[Records from a data source]
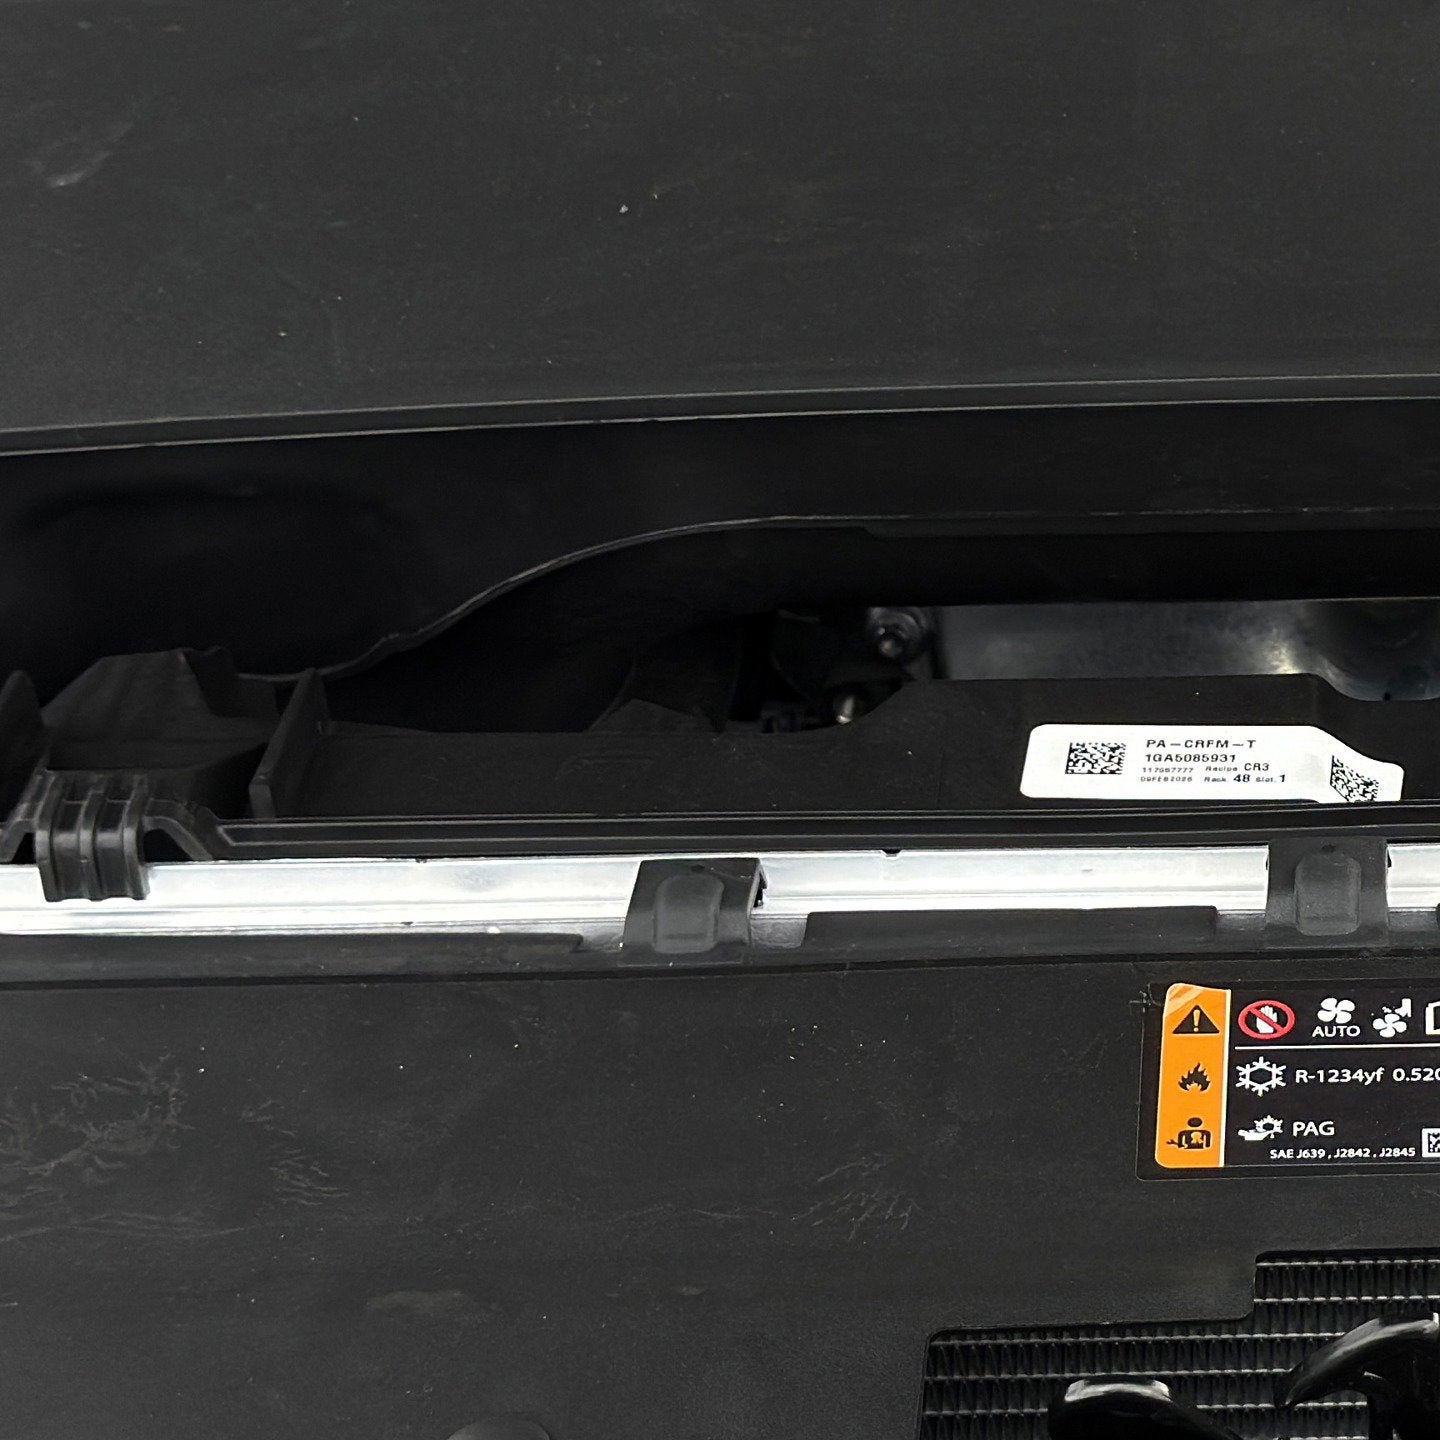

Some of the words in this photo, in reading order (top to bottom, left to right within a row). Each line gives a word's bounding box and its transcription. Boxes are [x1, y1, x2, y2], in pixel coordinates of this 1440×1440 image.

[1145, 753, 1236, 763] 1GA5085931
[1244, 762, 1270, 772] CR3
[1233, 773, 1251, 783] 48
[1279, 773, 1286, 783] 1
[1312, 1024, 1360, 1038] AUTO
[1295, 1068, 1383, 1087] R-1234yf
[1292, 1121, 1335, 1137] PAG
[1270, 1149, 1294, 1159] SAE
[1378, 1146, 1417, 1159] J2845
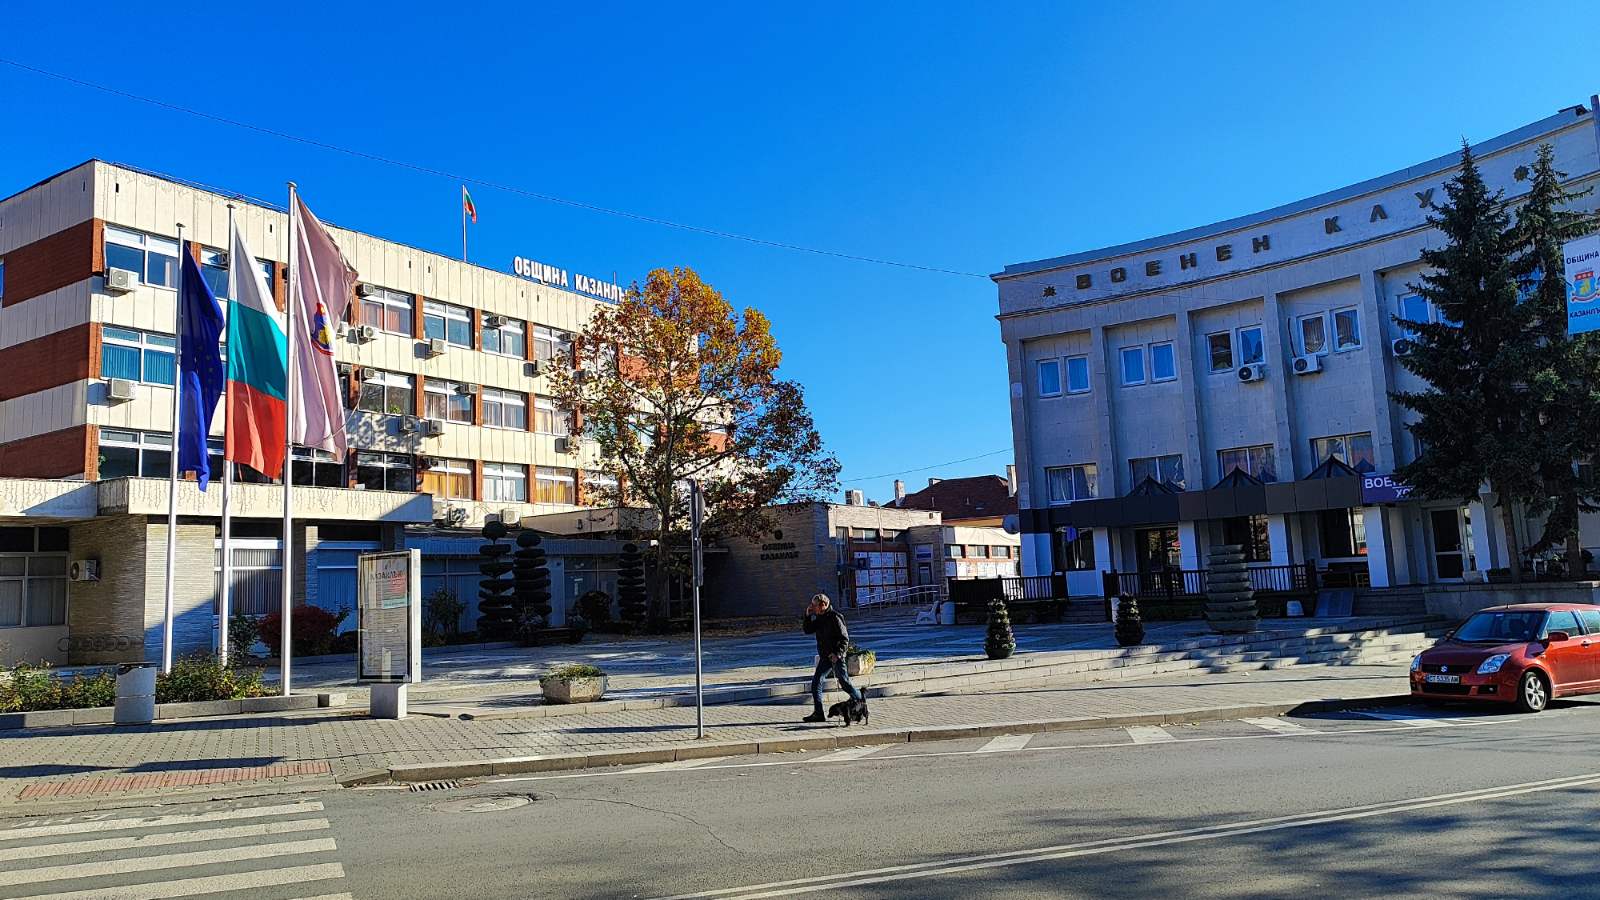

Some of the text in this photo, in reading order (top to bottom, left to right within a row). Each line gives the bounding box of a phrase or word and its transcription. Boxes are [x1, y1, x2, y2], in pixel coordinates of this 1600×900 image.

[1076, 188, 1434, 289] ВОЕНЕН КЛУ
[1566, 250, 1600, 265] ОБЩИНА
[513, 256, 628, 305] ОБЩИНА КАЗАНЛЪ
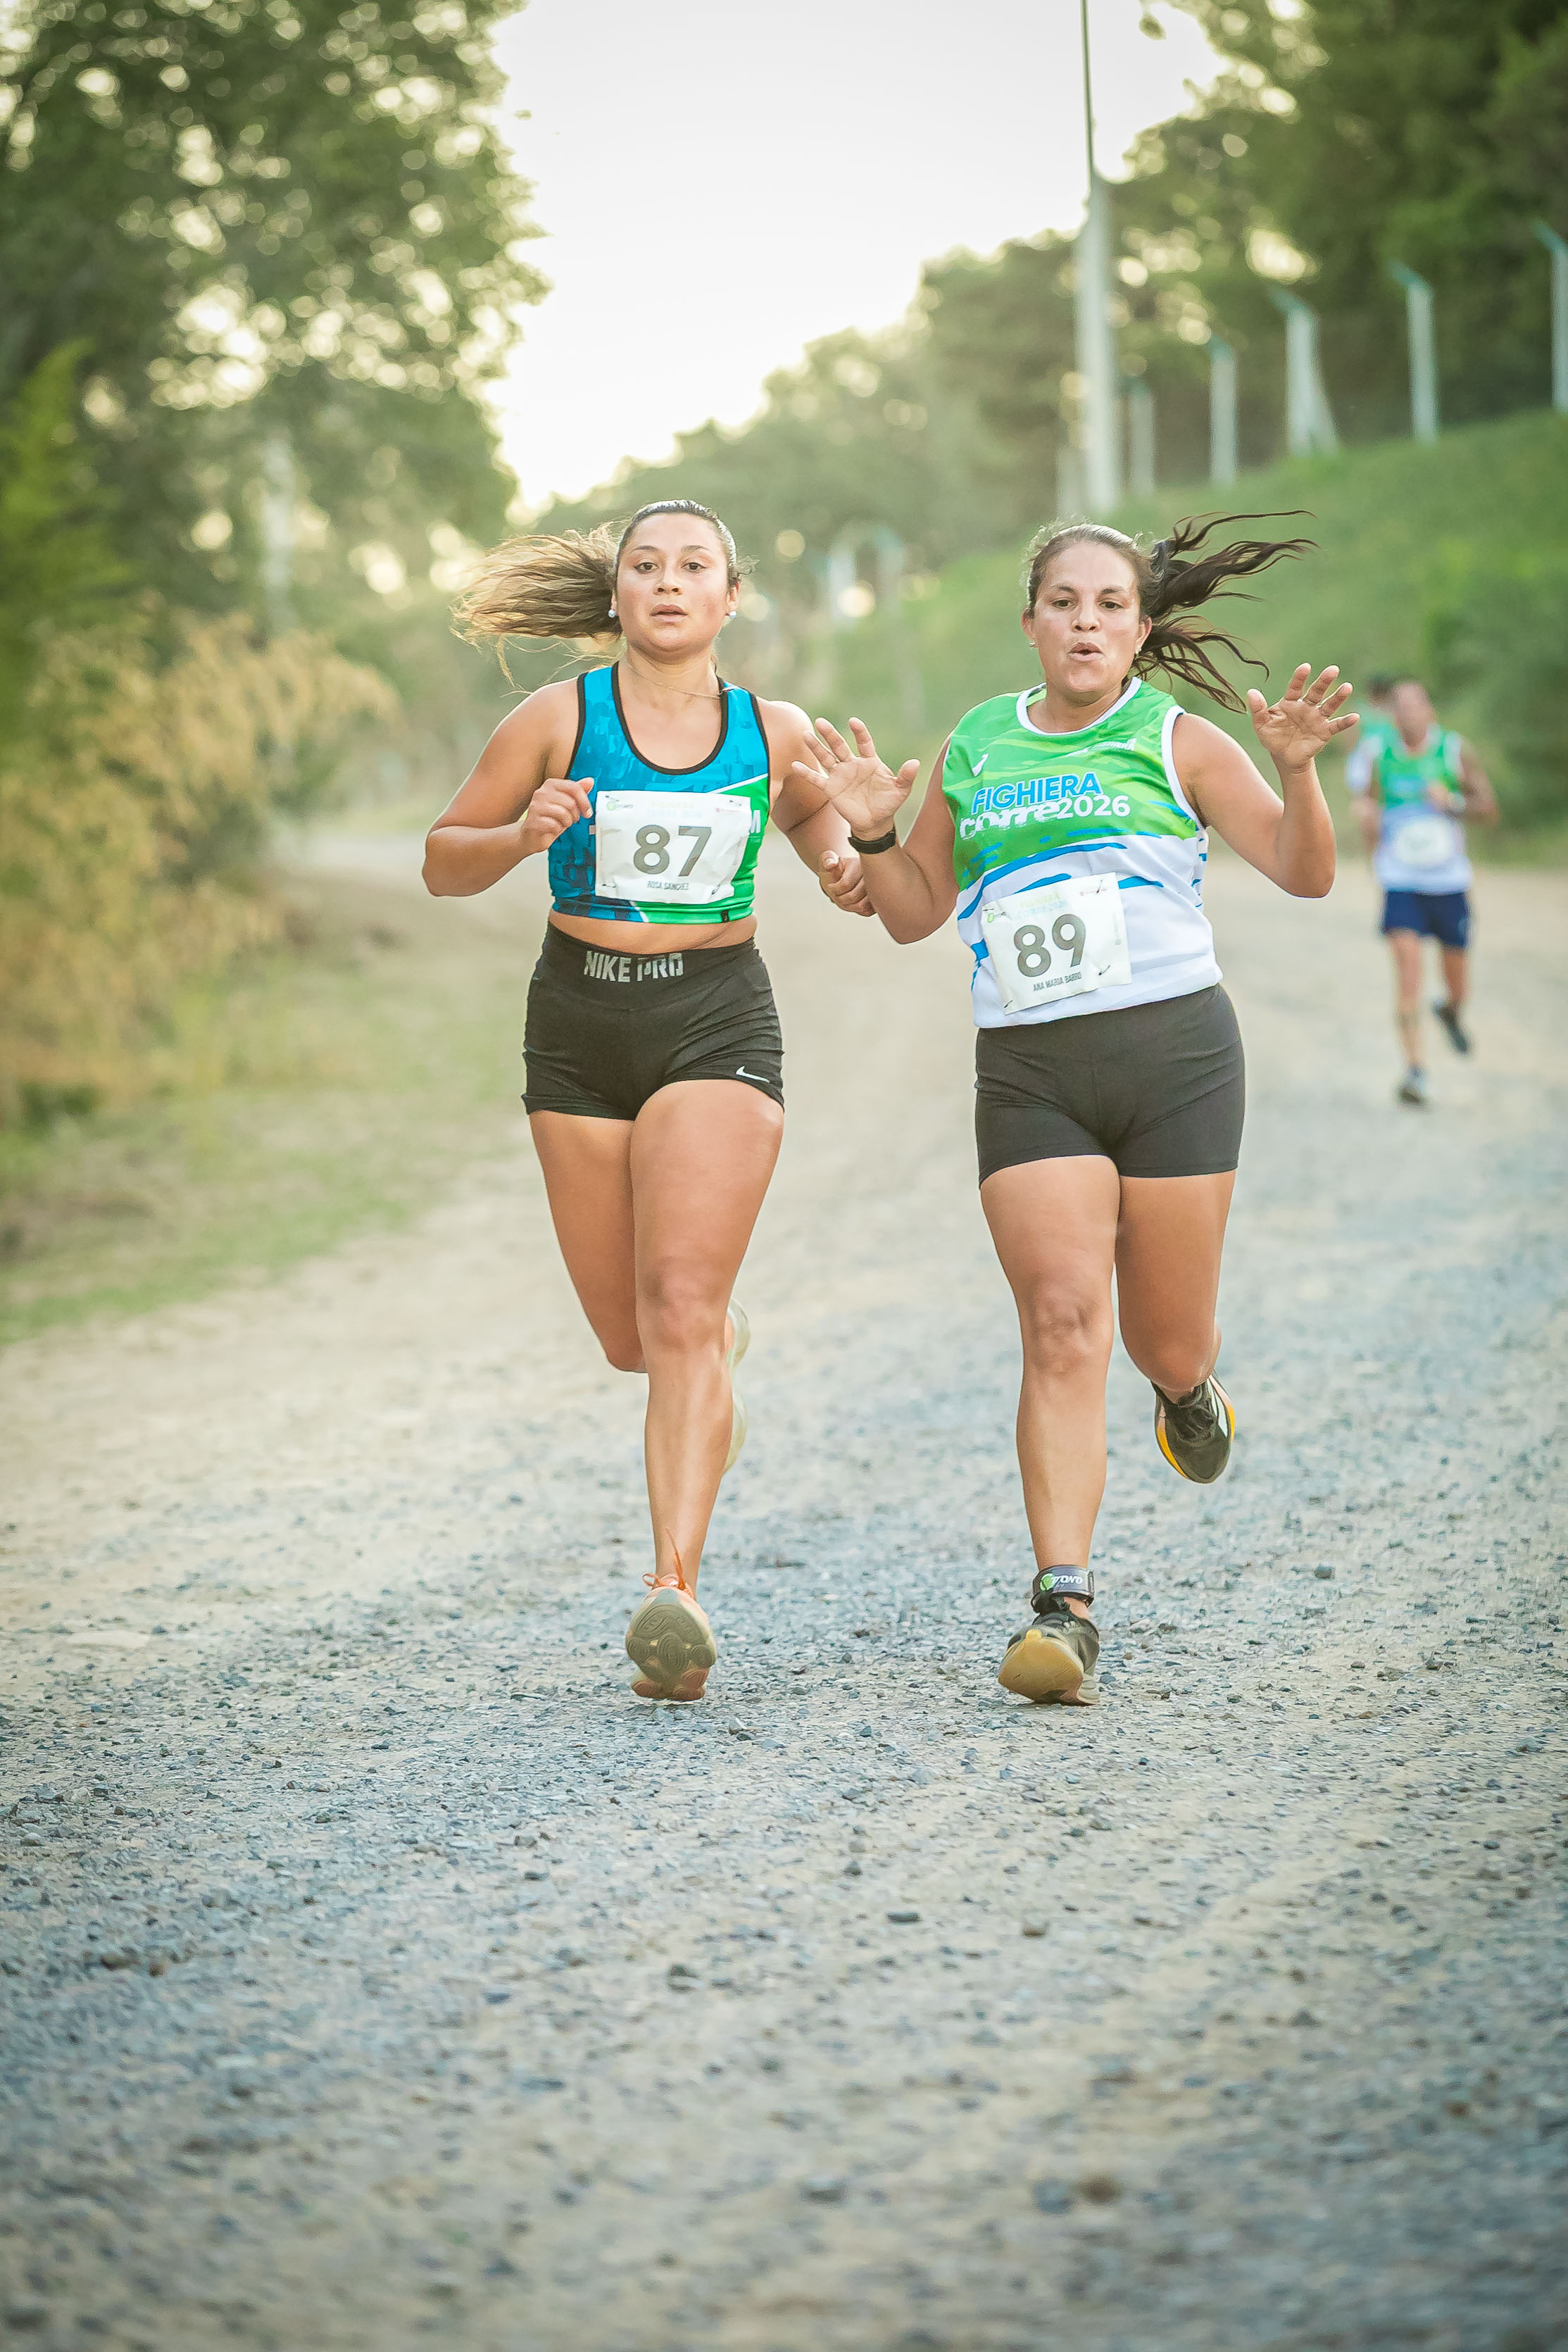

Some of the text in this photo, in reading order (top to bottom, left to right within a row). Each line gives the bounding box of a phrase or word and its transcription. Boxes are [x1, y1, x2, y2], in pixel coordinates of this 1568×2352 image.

> AIM OF THE TASK: Although the records above include pictures, the copy must contain only their exact text.

> RESULT:
Some of the words in this photo, in reading order (top to bottom, left to right within a row). Each line gives a word's bounding box and its transcription. Boxes are [x1, y1, x2, y2], in pixel coordinates of this 1440×1440 image.

[1145, 753, 1236, 763] 1GA5085931
[1244, 762, 1270, 772] CR3
[1233, 773, 1251, 783] 48
[1279, 773, 1286, 783] 1
[1312, 1024, 1360, 1038] AUTO
[1295, 1068, 1383, 1087] R-1234yf
[1292, 1121, 1335, 1137] PAG
[1270, 1149, 1294, 1159] SAE
[1378, 1146, 1417, 1159] J2845

Some of the text in this photo, in reading order (top to bottom, left to right within a row). Each line gives the bounding box of a phrase or word and its transcription. Boxes are [x1, y1, x2, y2], in pixel coordinates of this 1600×900 image.

[1076, 188, 1434, 289] ВОЕНЕН КЛУ
[1566, 250, 1600, 265] ОБЩИНА
[513, 256, 628, 305] ОБЩИНА КАЗАНЛЪ

Some of the text in this photo, in reading order (top to bottom, left to right within a row). Each line gives the bounding box of a phrase or word and its transcription. Boxes are [x1, y1, x2, y2], in pixel coordinates of this 1568×2352 image.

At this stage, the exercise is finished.